Setelah dua minggu, warung kecil Intan pun jadi. Intan mulai berjualan berbagai kue basah yang dia buat sendiri. Namun nasib baik belum berpihak pada Intan. Dagangannya kurang laku dan dia harus merugi.
Bukan karena kue buatan Intan yang tidak enak, melainkan karena warga sekitar rumah Intan tidak suka dengan keluarga Intan. Semua warga tahu jika ibu Intan yaitu bu Yuyun adalah seorang p*lac*r sejak Intan masih kecil.

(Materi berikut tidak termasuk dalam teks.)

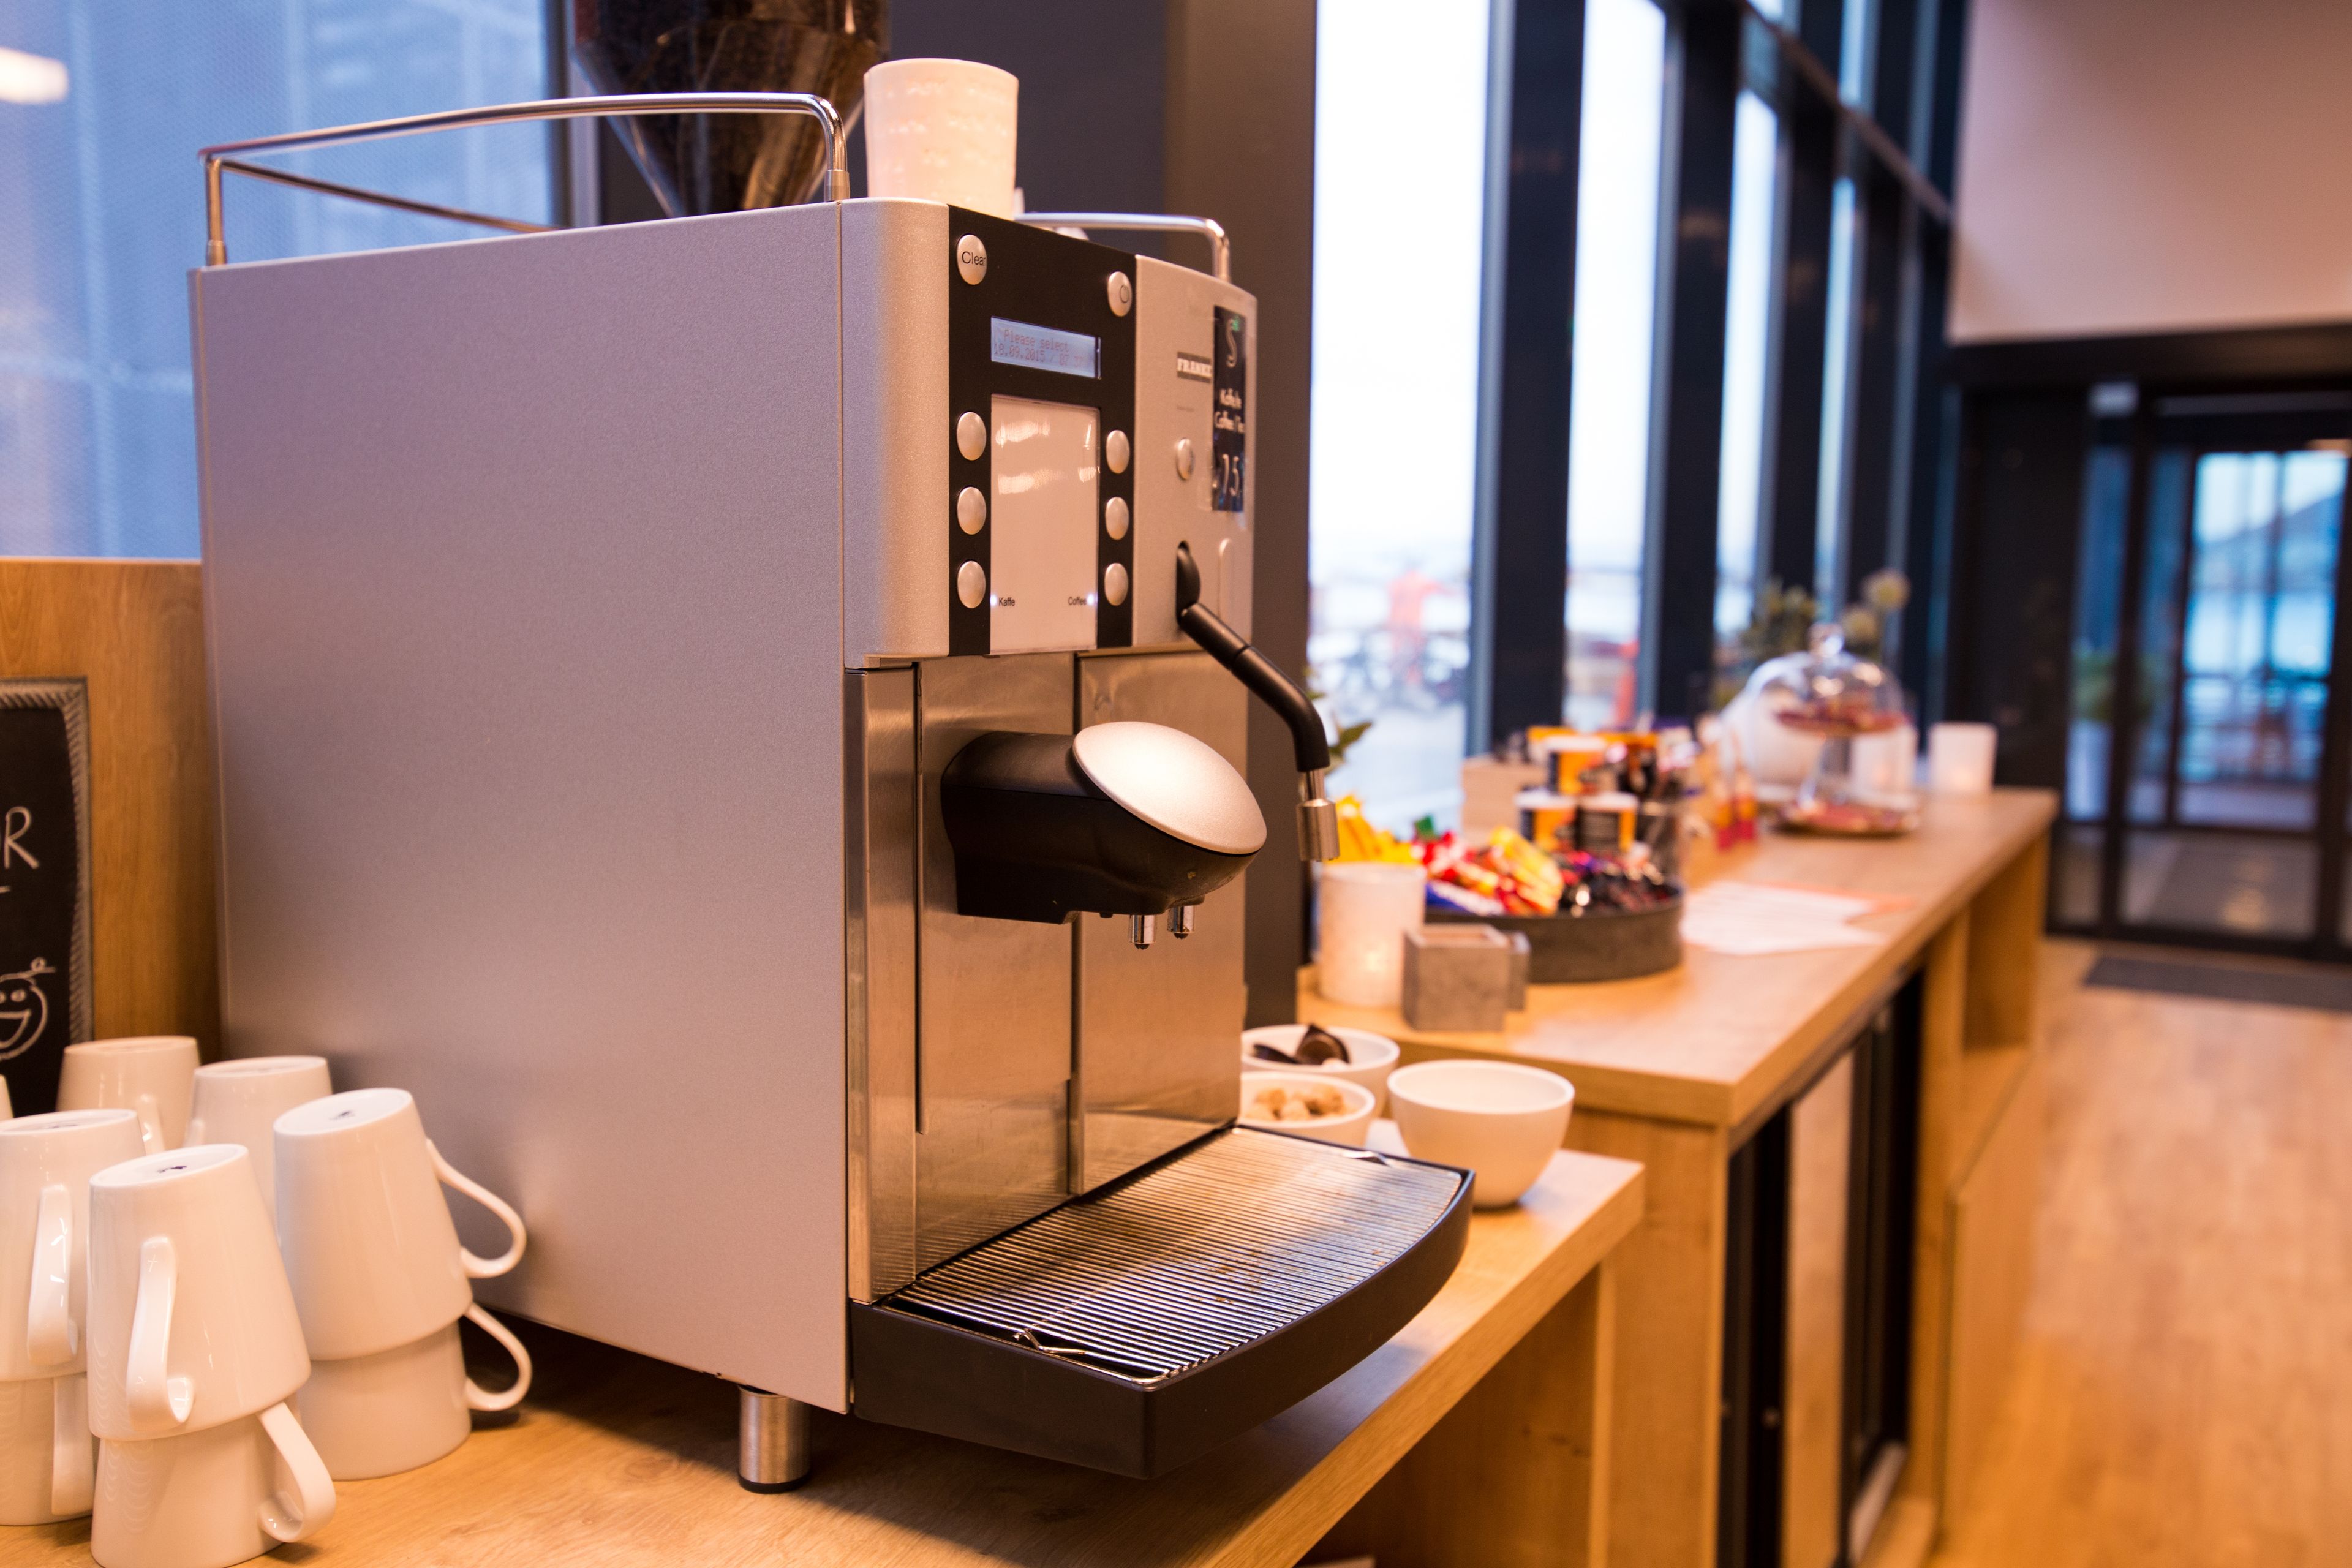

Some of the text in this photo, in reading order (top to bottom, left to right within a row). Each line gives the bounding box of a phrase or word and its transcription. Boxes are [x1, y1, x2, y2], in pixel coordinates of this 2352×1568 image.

[962, 251, 986, 265] Clear
[1004, 329, 1069, 353] Please select
[998, 597, 1016, 606] Kaffe
[1068, 597, 1087, 606] Coffee
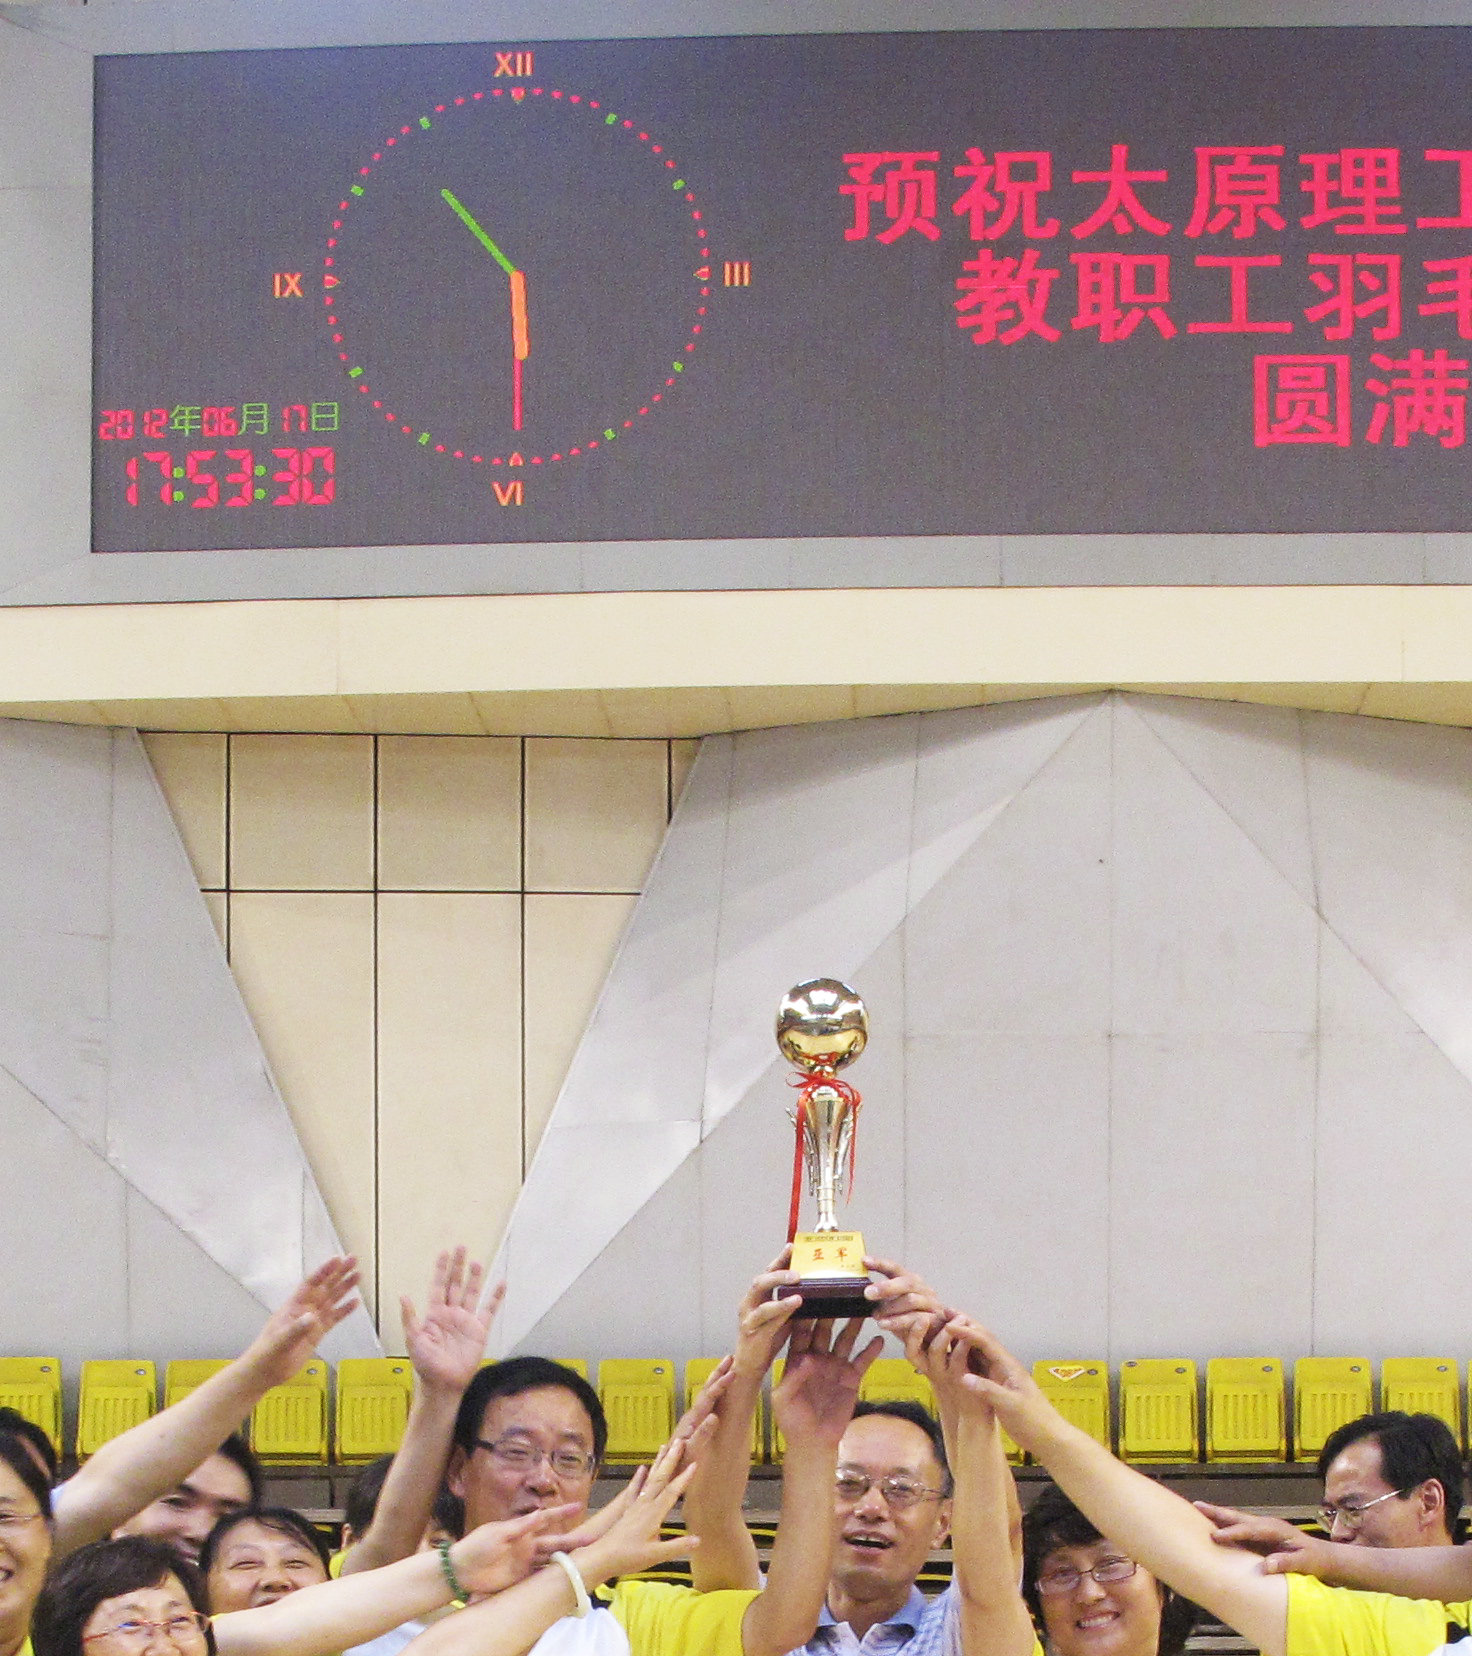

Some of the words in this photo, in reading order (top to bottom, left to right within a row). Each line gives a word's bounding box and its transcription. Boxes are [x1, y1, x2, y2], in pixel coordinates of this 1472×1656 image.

Jadi mereka jijik jika membeli makanan buatan dari anak seorang seorang p*lacur. Mereka bilang takut jika apa yang mereka makan tidak berkah.
Mendengar berbagai omongan yang membuat panas telinga ,tentu saja Intan sedih. Iya, Intan tentu saja tidak meminta untuk dilahirkan dari rahim seorang p*lacur. Tapi mau bagaimana lagi, itu sudah menjadi takdirnya. Namun yang membuat Intan tidak bisa terima adalah karena dia selalu mendapatkan imbas dari pekerjaan sang ibu.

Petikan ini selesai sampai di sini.